End to End also has its own channel partners that resell the company's offerings.

"We position our services as a means of bundling the entire value proposition into a turnkey solution," he said. "The channel partner can put in the circuits, the hardware, and can white label the whole thing, if they so choose."

Other partners prefer a partnering approach to business transformation that runs counter to developing management platforms and channel alliances. Gregg Pruett, general manager of CompuNet, Inc., a Meridian, Idaho-based channel company, is currently in the midst of transitioning from traditional resale to a cloud-based model.

"We are not going to build a cloud ourselves, but we're going to work with cloud builders and resell their offerings," he said. "We spent six months analyzing strategies for building our own cloud offering, but as we scrutinize the economics, we realized we could not come up with numbers that work. We could not get enough customers in our area to make the investment worthwhile. Yes, there is the management layer, but you also have to have extensive security, orchestration, some level of self-service and, of course, billing infrastructure that needs to be virtually bulletproof in terms of usage and accuracy."

NEXT: Brand And Scale


CompuNet now has a signed agreement with Xerox, which will deliver a variety of those needs, according to CompuNet's Pruett.

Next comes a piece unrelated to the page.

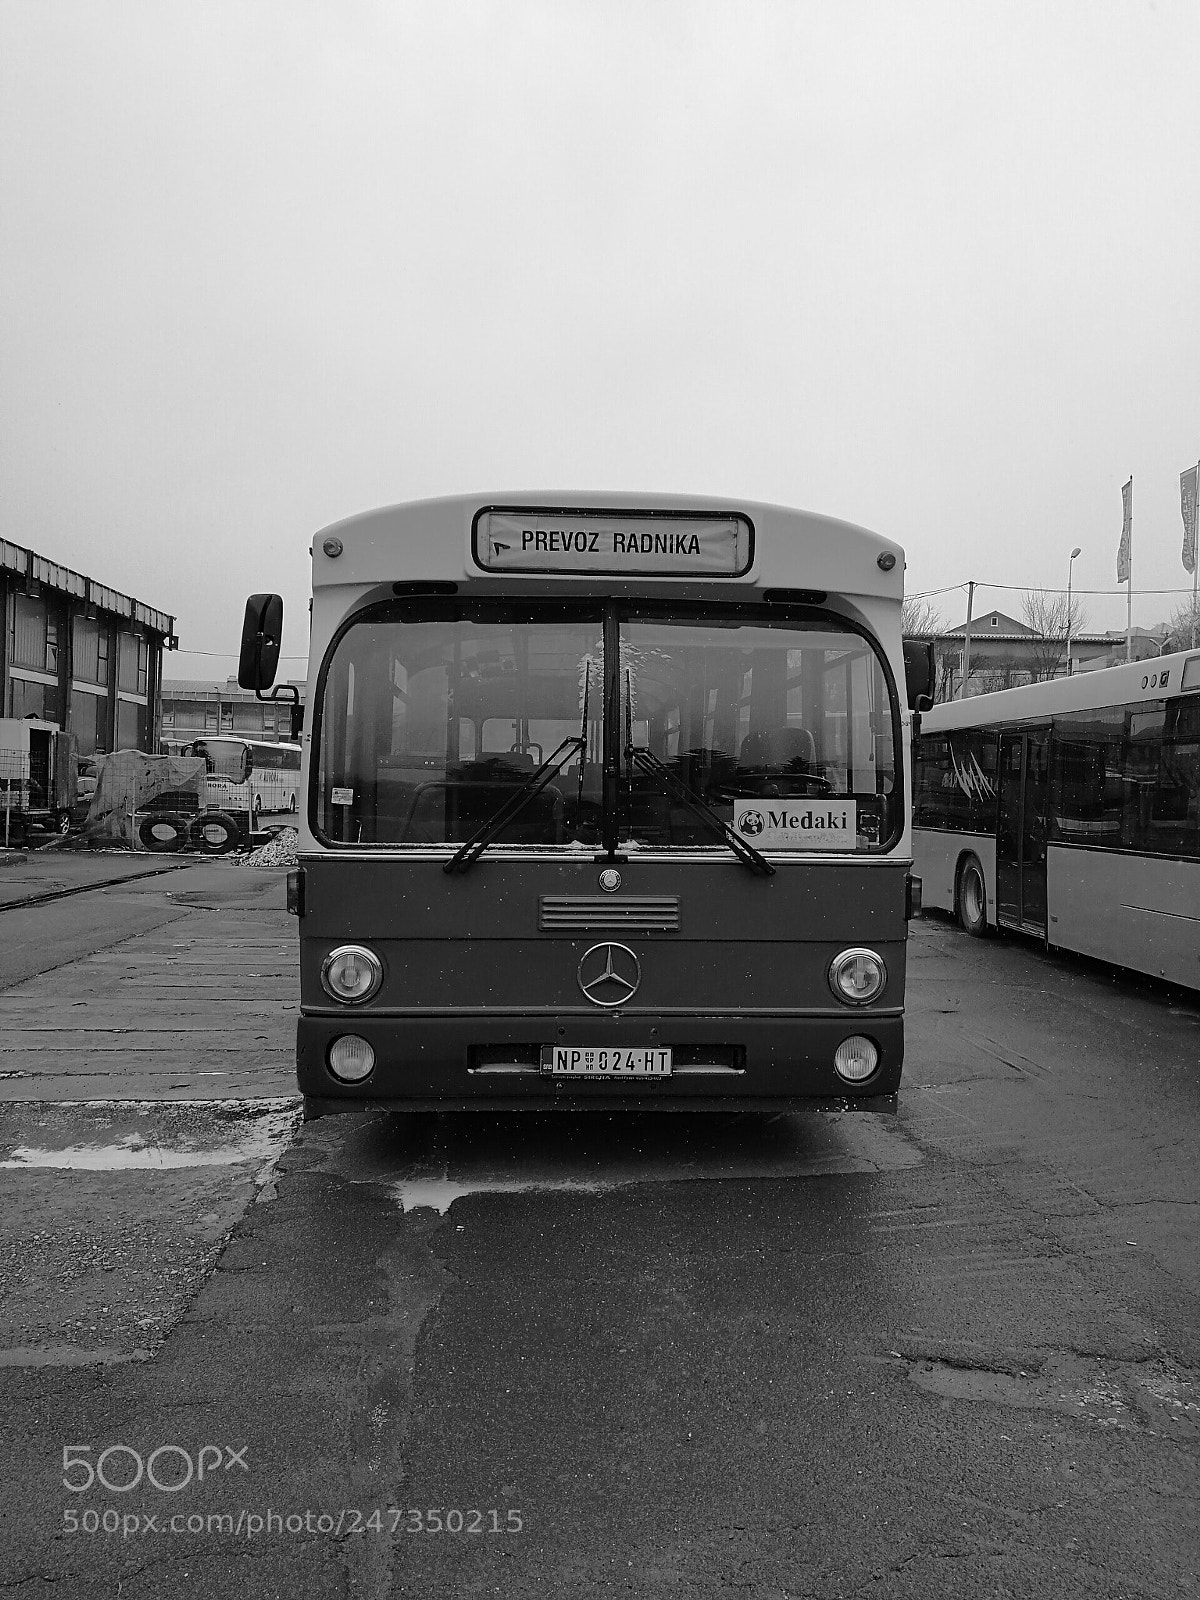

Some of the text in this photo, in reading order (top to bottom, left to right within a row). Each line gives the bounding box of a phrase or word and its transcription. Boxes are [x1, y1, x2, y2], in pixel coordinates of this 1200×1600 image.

[521, 530, 701, 555] PREVOZ RADNIKA
[766, 810, 848, 830] Medaki
[557, 1050, 581, 1071] NP

"It's about economies of scale," he said. "We can still have that relationship with the customer, and provide them with the comfort of knowing that we are still here and they can pick up the phone and call us. But, Xerox is bringing the billing infrastructure, the monitoring, the upgrades, the hosting and the provisioning of all the back-end components for their solutions."

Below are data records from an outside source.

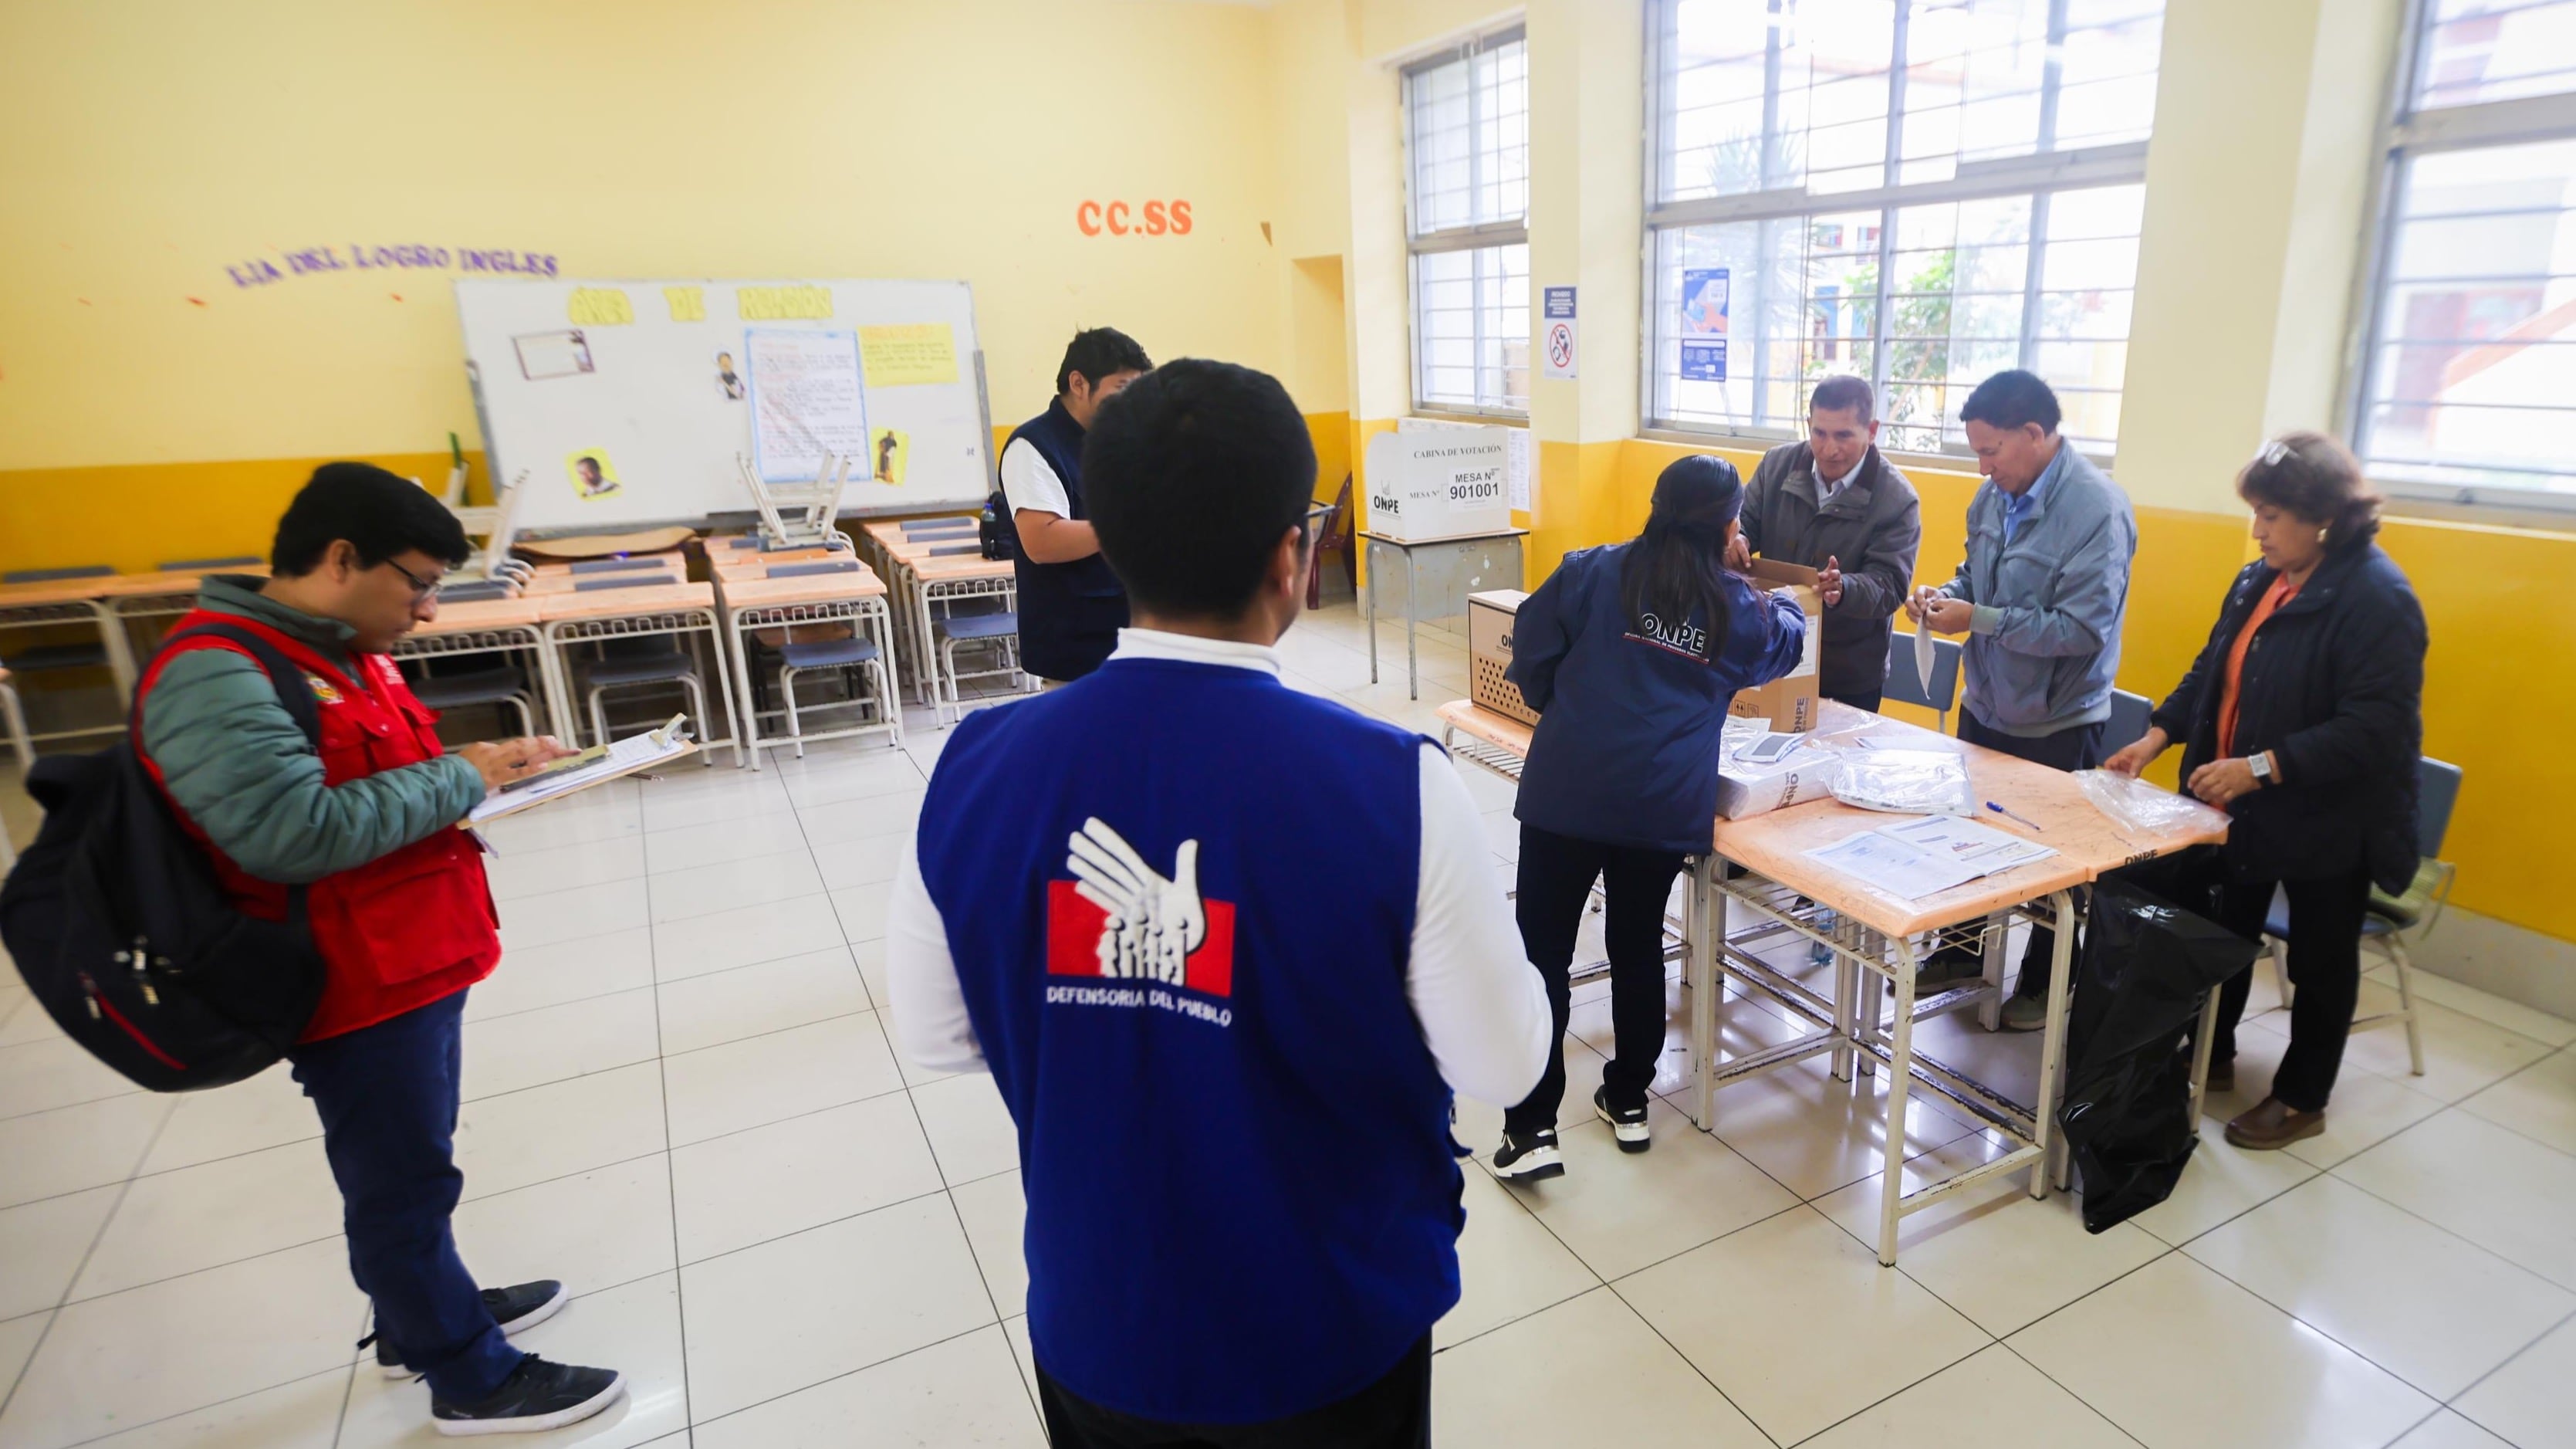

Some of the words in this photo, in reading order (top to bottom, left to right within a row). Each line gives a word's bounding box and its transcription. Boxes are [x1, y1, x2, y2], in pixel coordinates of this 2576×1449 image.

[1077, 199, 1193, 236] CC.SS
[284, 248, 347, 275] DEL
[351, 244, 451, 269] LOGRO
[457, 248, 559, 279] INGLES
[1414, 449, 1445, 459] CABINA
[1448, 449, 1457, 457] DE
[1460, 442, 1502, 455] VOTACIÓN
[1455, 472, 1482, 483] MESA
[1450, 482, 1498, 499] 901001
[1374, 495, 1399, 514] ONPE
[1502, 634, 1513, 648] ON
[1641, 613, 1707, 653] ONPE
[1046, 986, 1145, 1007] DEFENSORIA
[1149, 989, 1175, 1010] DEL
[1178, 997, 1232, 1028] PUEBLO

CompuNet will be paid a monthly percentage, according to Pruett. But, the issue of branding is still "somewhat up in the air," he said.

"We're trying to figure out whether to leverage their brand or white label it," he said. "There are pros and cons to either strategy. But, we are likely to pursue an approach that enables us to keep our name front and center [while] at the same time leveraging the strength of their brand, which I think will give customers a sense of comfort because they will know that we are not white labeling from some small Podunk company that is just kind of making a run at this."

CompuNet's experience on the outskirts of Boise, Idaho, seems to run parallel to other small-market channel partners, as well.

Ross Toole, of Applied Microsystems, brings technology services to customers in Anchorage, Alaska. His company started out as a traditional data center integrator that migrated toward managed cloud services several years ago due to the high costs of managing a traditional IT infrastructure in Alaska.

"Customers simply could not afford to do their own IT, given the high cost of connectivity and staff," he said. "So we started to offer services, starting with storage and backup and those kinds of things. We then found ourselves writing [vertical] applications that we hosted. We ended up with a portfolio of applications and then we developed software to implement and integrate those applications and started to do more traditional managed services for smaller companies, and eventually built our own platform."

But, Toole disagrees with the use of other companies' brands, like what CompuNet is considering.

"White labeling is the only model that I would even consider unless the product has so much pull in the marketplace that users basically need to have it," he said. "If it's anything less than that, you're just promoting somebody else's brand. If your relationship is good, you might be able to keep the customers, but what happens if your contract is canceled? You don't own the customer, and you're done. You have to have your own brand."

Toole added that the sale of cloud and managed services is becoming easier, from a customer interface point of view.

"In the beginning, we were very much preaching to a perplexed audience," he said. The concept of the cloud now is a lot more accepted and understood in the general public. The barrier of entry into the discussion is a lot lower than it once was. That doesn't mean it is easy to cold call, but it's not about selling something that's completely foreign to them anymore. You just have to find a way to differentiate yourself. If you don't differentiate yourself, it is a race to the bottom."